足並みそろわぬ加盟国 南シナ海問題中国けん制も あすASEAN首脳会議

 マレーシアのクアラルンプールで21日、東南アジア諸国連合(ASEAN)首脳会議が開幕する。主要議題の一つは、ASEAN加盟の複数国が中国と領有権を争う「南シナ海問題」。具体的な解決策提示に向けた加盟国の足並みはそろっていないが、これまで中立だったインドネシアが中国をけん制する動きを強めており、ジョコ・ウィドド(通称ジョコウィ)大統領がどのような立場を表明するのか注目が集まる。
 米軍のイージス駆逐艦が先月、中国が造成した人工島の12カイリ(約22キロ)内で巡視活動をした際には、中国と領有権を争うフィリピンとベトナムが「航行の自由を体現した」と米国を支持。両国は、日米と巡視船の供与や港の使用などで協力関係を深めており、18日には2国間で南シナ海問題を念頭に置いた戦略的パートナーシップ協定を新たに締結。ASEAN首脳会議でも中国をけん制する可能性が高い。

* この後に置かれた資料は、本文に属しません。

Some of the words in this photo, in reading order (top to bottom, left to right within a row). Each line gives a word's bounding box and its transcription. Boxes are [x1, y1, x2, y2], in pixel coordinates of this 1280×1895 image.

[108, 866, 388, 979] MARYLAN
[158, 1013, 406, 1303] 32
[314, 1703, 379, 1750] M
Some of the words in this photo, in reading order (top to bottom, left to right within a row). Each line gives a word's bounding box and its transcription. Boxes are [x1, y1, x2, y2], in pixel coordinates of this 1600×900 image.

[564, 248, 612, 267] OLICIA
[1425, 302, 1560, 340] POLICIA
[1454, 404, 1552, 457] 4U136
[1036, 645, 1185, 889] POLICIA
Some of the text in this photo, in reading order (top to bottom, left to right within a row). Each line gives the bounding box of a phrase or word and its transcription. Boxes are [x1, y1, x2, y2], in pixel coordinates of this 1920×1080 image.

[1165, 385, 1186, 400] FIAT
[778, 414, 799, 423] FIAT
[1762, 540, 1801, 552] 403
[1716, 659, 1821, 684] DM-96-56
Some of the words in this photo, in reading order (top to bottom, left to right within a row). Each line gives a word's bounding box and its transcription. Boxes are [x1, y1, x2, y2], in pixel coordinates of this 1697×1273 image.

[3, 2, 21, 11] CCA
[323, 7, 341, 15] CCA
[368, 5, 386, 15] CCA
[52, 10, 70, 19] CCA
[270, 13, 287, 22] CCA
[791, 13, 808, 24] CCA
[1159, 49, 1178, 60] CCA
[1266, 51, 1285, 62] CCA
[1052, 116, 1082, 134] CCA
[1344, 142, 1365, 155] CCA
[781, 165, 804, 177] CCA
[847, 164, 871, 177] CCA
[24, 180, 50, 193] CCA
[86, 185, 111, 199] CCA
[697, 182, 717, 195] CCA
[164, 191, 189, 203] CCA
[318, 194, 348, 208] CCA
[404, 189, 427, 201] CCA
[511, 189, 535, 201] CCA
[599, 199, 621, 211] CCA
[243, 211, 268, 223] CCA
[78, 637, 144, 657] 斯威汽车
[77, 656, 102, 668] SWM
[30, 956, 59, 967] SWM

 一方で、今月上旬に開催されたASEAN拡大国防相会議では、共同宣言の採択が初めて見送られた。中国から多額の資金援助を受けているカンボジアなどから南シナ海に言及する宣言文に反対意見が出たほか、同海域での米中の対立を助長したくないとの意向を複数国が示したためだ。マレーシアも米中の間で綱渡りを強いられており、議長国として指導力を発揮できるかには疑問符が付く。
 インドネシアは従来中立の立場を貫いてきたが、ルフット・パンジャイタン政治・法務・治安調整相が11日、中国が権益を主張する「九段線」がリアウ諸島州ナトゥナ諸島に隣接しており、中国漁船が排他的経済水域(EEZ)に侵入しているとして「国際機関への提訴も辞さない」と警告。海軍も警備を強化するなど中国をけん制する動きが強まっている。
 米国は17日、ASEAN諸国の海洋安全保障強化のために2億5900万ドルの拠出を発表。振り分け先には、フィリピン、ベトナムのほかインドネシアも含まれている。足並みがそろわないASEAN加盟国の中、インドネシアがASEAN首脳会談の舞台でも中国をけん制する動きを見せれば他国の動きにも影響を及ぼす可能性がある。(クアラルンプールで藤本迅)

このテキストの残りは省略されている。